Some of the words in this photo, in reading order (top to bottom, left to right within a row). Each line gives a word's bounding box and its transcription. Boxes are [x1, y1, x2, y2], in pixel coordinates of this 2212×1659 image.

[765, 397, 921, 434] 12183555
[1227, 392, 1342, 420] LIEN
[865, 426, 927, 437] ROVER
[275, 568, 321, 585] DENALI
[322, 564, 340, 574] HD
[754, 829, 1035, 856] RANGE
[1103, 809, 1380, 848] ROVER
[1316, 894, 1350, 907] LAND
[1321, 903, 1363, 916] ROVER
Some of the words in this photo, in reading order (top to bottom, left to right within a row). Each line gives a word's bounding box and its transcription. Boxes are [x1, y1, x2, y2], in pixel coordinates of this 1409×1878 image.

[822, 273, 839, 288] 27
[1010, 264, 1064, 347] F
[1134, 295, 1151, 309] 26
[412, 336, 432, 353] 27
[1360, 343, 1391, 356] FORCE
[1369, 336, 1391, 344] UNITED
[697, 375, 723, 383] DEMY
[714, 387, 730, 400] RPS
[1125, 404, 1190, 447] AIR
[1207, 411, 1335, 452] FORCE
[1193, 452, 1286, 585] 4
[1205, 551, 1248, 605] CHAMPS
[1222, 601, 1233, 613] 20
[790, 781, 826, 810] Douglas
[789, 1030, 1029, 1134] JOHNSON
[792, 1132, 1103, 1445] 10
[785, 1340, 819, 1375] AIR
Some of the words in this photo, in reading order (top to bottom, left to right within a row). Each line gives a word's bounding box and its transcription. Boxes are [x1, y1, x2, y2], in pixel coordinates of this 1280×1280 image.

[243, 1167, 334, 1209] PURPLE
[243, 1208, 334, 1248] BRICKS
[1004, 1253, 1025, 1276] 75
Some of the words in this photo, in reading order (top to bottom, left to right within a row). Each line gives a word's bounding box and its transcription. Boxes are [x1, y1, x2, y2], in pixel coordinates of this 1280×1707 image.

========================================

## Your assignment
Write the material out once more, exactly as it reads.

## Exercise response
Some of the words in this photo, in reading order (top to bottom, left to right within a row). Each line gives a word's bounding box and its transcription. Boxes are [x1, y1, x2, y2], in pixel coordinates of this 2212×1659 image.

[765, 397, 921, 434] 12183555
[1227, 392, 1342, 420] LIEN
[865, 426, 927, 437] ROVER
[275, 568, 321, 585] DENALI
[322, 564, 340, 574] HD
[754, 829, 1035, 856] RANGE
[1103, 809, 1380, 848] ROVER
[1316, 894, 1350, 907] LAND
[1321, 903, 1363, 916] ROVER
Some of the words in this photo, in reading order (top to bottom, left to right within a row). Each line gives a word's bounding box and its transcription. Boxes are [x1, y1, x2, y2], in pixel coordinates of this 1409×1878 image.

[822, 273, 839, 288] 27
[1010, 264, 1064, 347] F
[1134, 295, 1151, 309] 26
[412, 336, 432, 353] 27
[1360, 343, 1391, 356] FORCE
[1369, 336, 1391, 344] UNITED
[697, 375, 723, 383] DEMY
[714, 387, 730, 400] RPS
[1125, 404, 1190, 447] AIR
[1207, 411, 1335, 452] FORCE
[1193, 452, 1286, 585] 4
[1205, 551, 1248, 605] CHAMPS
[1222, 601, 1233, 613] 20
[790, 781, 826, 810] Douglas
[789, 1030, 1029, 1134] JOHNSON
[792, 1132, 1103, 1445] 10
[785, 1340, 819, 1375] AIR
Some of the words in this photo, in reading order (top to bottom, left to right within a row). Each line gives a word's bounding box and its transcription. Boxes are [x1, y1, x2, y2], in pixel coordinates of this 1280×1280 image.

[243, 1167, 334, 1209] PURPLE
[243, 1208, 334, 1248] BRICKS
[1004, 1253, 1025, 1276] 75
Some of the words in this photo, in reading order (top to bottom, left to right within a row). Each line gives a word's bounding box and its transcription. Boxes are [x1, y1, x2, y2], in pixel coordinates of this 1280×1707 image.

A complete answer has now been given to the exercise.